Instructions for the task:
The response should be an exact transcription of the data below, free of images.

** Opening Extracted material block **

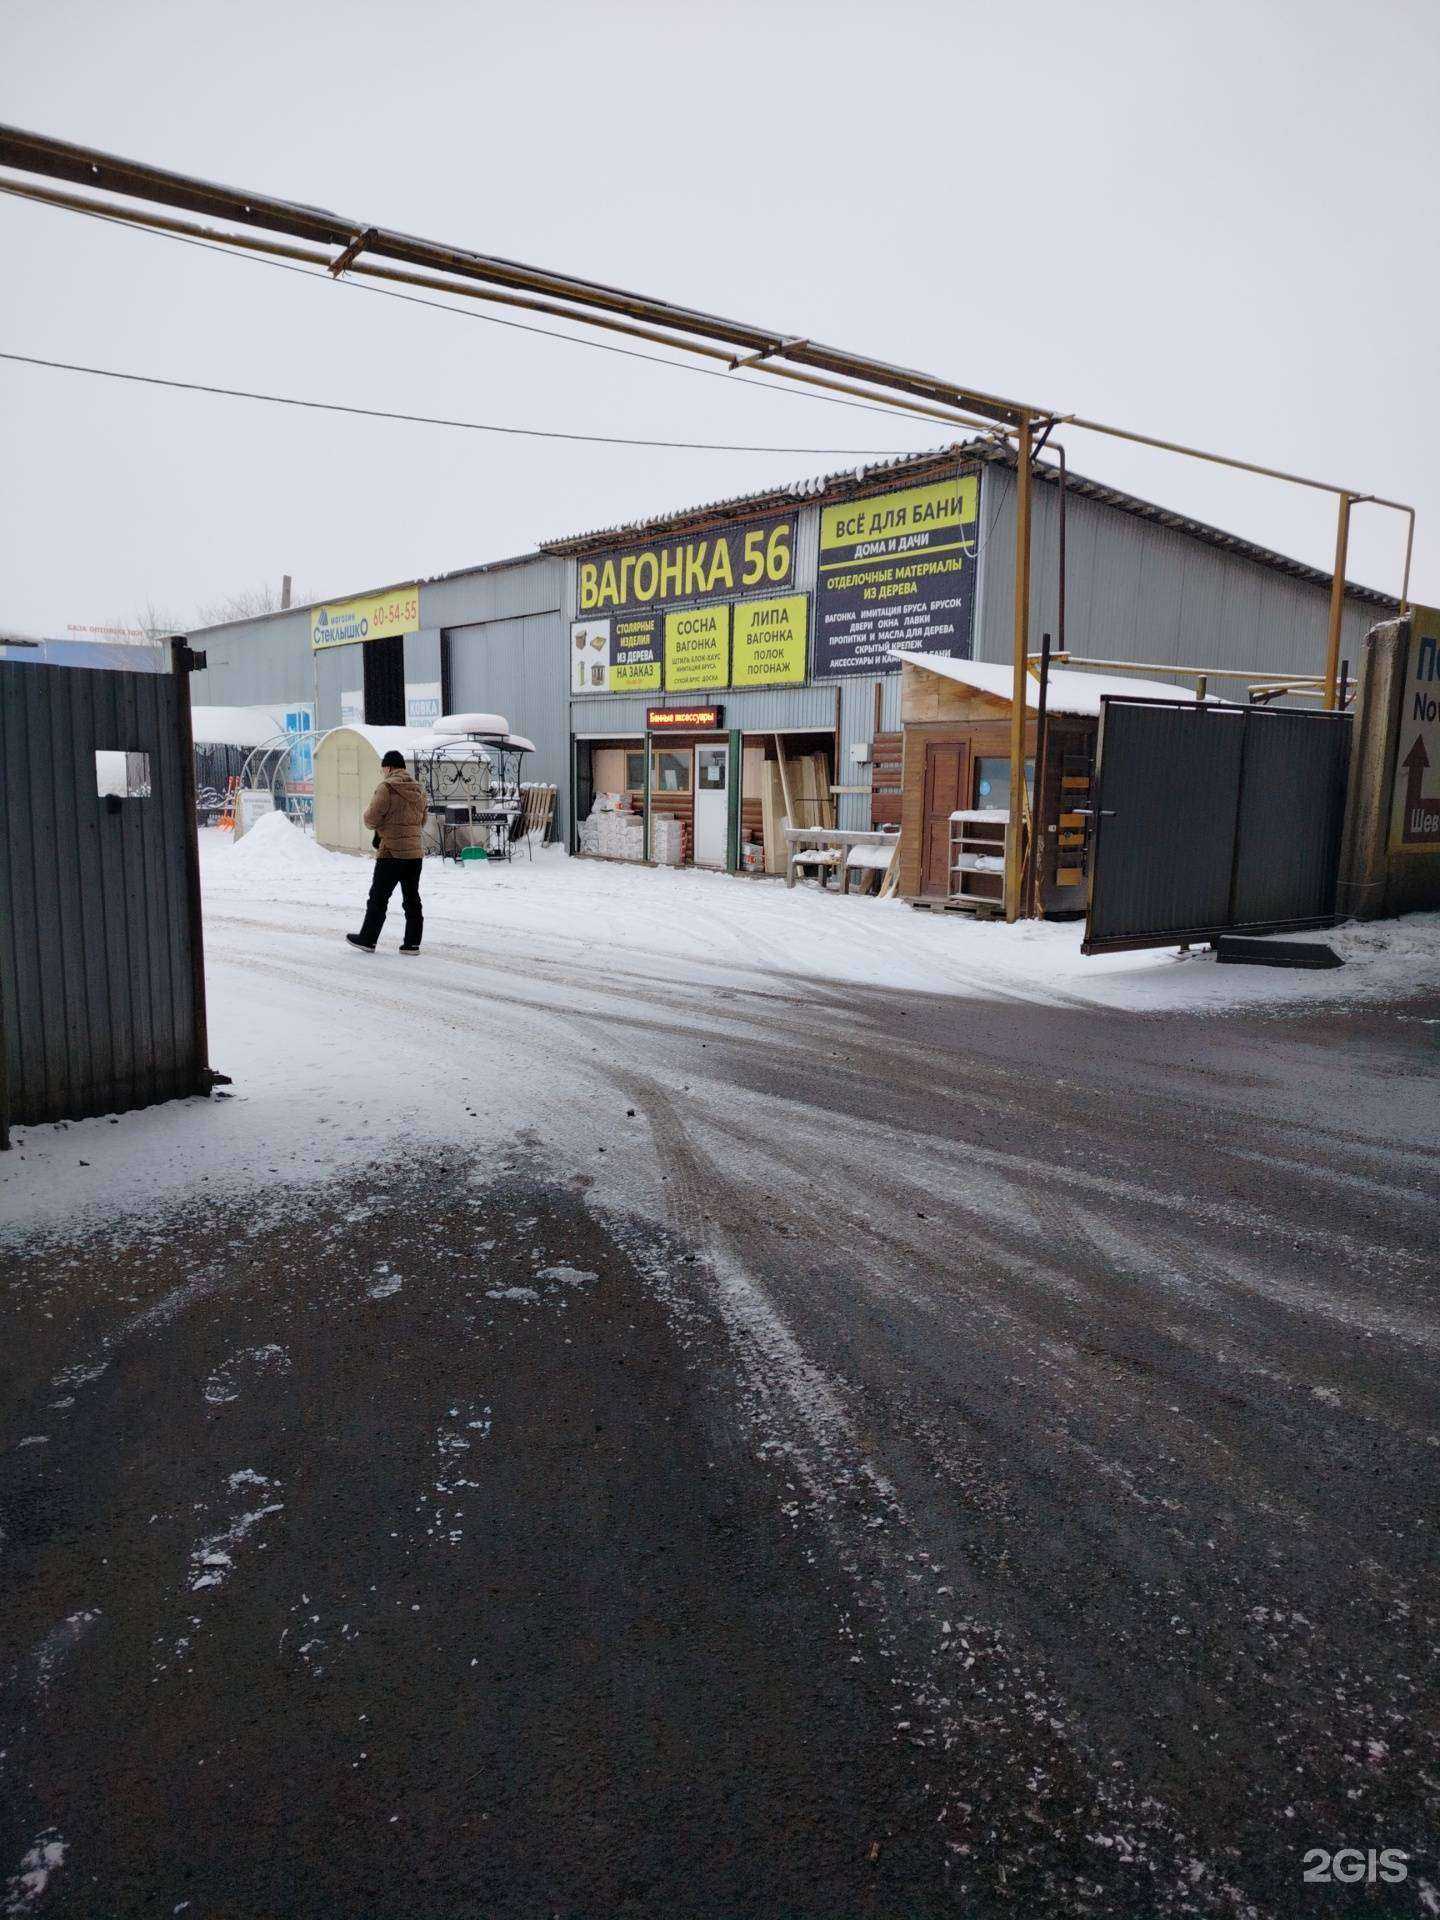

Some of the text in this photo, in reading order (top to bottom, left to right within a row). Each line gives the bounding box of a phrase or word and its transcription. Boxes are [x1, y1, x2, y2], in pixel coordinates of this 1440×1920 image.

[836, 496, 963, 538] ВСЁ ДЛЯ БАНИ
[854, 532, 929, 559] ДОМА И ДАЧИ
[580, 525, 790, 609] ВАГОНКА 56
[827, 558, 962, 589] ОТДЕЛОЧНЫЕ МАТЕРИАЛЫ
[864, 581, 917, 600] ИЗ ДЕРЕВА
[373, 600, 417, 626] 60-54-55
[751, 608, 789, 627] ЛИПА
[825, 598, 962, 623] ВАГОНКА ИМИТАЦИЯ БРУСА БРУСОК
[616, 620, 655, 634] СТОЛЯРНЫЕ
[677, 617, 716, 635] СОСНА
[850, 614, 931, 633] ДВЕРИ ОКНА ЛАВКИ
[620, 634, 651, 648] ИЗДЕЛИЯ
[746, 629, 793, 645] ВАГОНКА
[829, 624, 954, 645] ПРОПИТКИ И МАСЛА ДЛЯ ДЕРЕВА
[676, 638, 717, 653] ВАГОНКА
[753, 648, 784, 660] ПОЛОК
[855, 639, 922, 654] СКРЫТЫЙ КРЕПЕЖ
[617, 649, 654, 664] ИЗ ДЕРЕВА
[830, 655, 873, 668] АКСЕССУАРЫ
[875, 655, 881, 664] И
[617, 664, 654, 678] НА ЗАКАЗ
[747, 661, 791, 675] ПОГОНАЖ
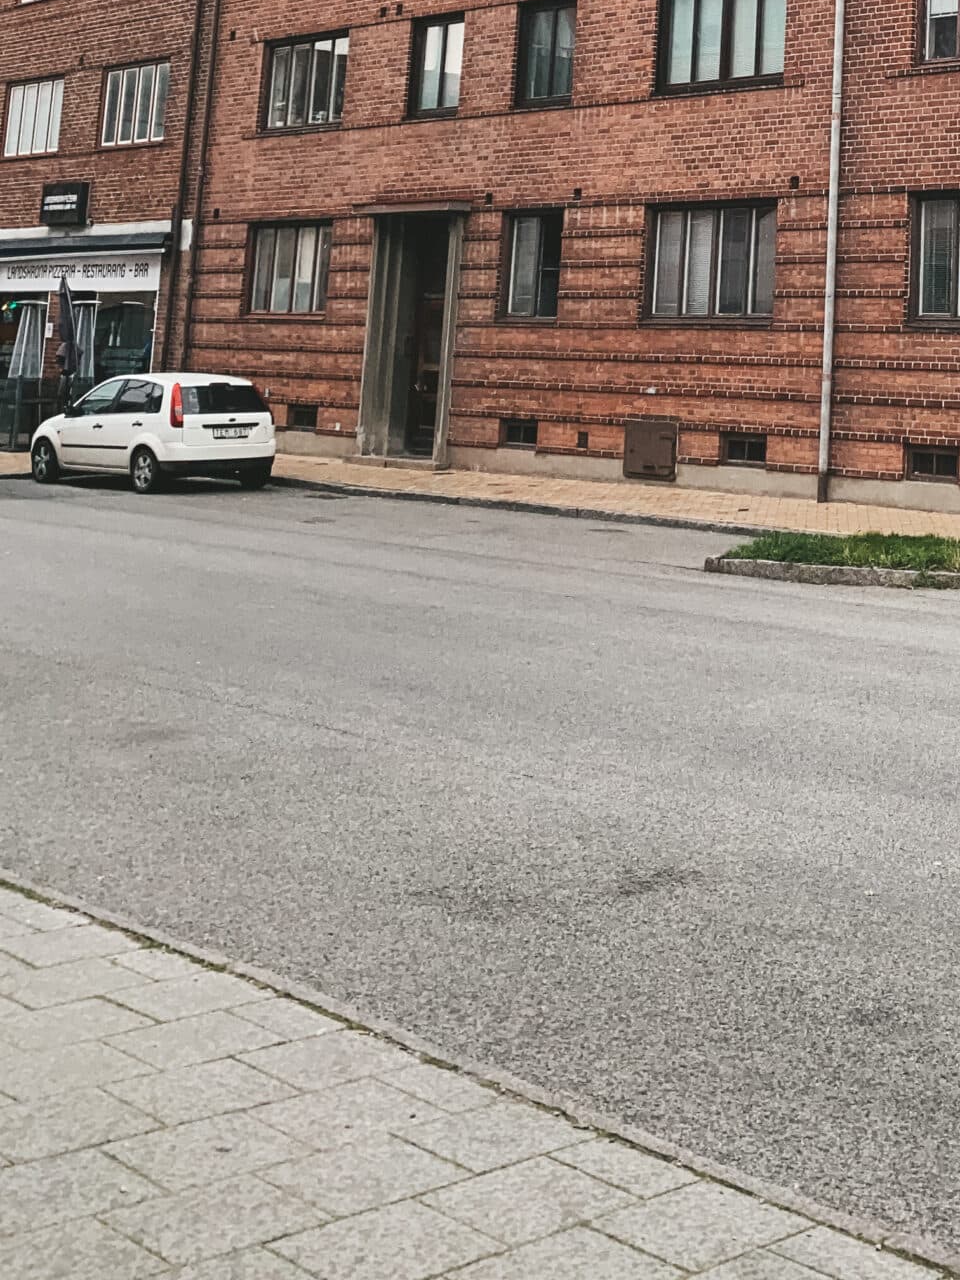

** Closing Extracted material block **

Written answer:
Some of the text in this photo, in reading order (top to bottom, left to right within a row). Each line gives the bounding box of a phrase or word and its transcription. Boxes are [x1, y1, x2, y2], in pixel coordinates of this 1440×1920 image.

[836, 496, 963, 538] ВСЁ ДЛЯ БАНИ
[854, 532, 929, 559] ДОМА И ДАЧИ
[580, 525, 790, 609] ВАГОНКА 56
[827, 558, 962, 589] ОТДЕЛОЧНЫЕ МАТЕРИАЛЫ
[864, 581, 917, 600] ИЗ ДЕРЕВА
[373, 600, 417, 626] 60-54-55
[751, 608, 789, 627] ЛИПА
[825, 598, 962, 623] ВАГОНКА ИМИТАЦИЯ БРУСА БРУСОК
[616, 620, 655, 634] СТОЛЯРНЫЕ
[677, 617, 716, 635] СОСНА
[850, 614, 931, 633] ДВЕРИ ОКНА ЛАВКИ
[620, 634, 651, 648] ИЗДЕЛИЯ
[746, 629, 793, 645] ВАГОНКА
[829, 624, 954, 645] ПРОПИТКИ И МАСЛА ДЛЯ ДЕРЕВА
[676, 638, 717, 653] ВАГОНКА
[753, 648, 784, 660] ПОЛОК
[855, 639, 922, 654] СКРЫТЫЙ КРЕПЕЖ
[617, 649, 654, 664] ИЗ ДЕРЕВА
[830, 655, 873, 668] АКСЕССУАРЫ
[875, 655, 881, 664] И
[617, 664, 654, 678] НА ЗАКАЗ
[747, 661, 791, 675] ПОГОНАЖ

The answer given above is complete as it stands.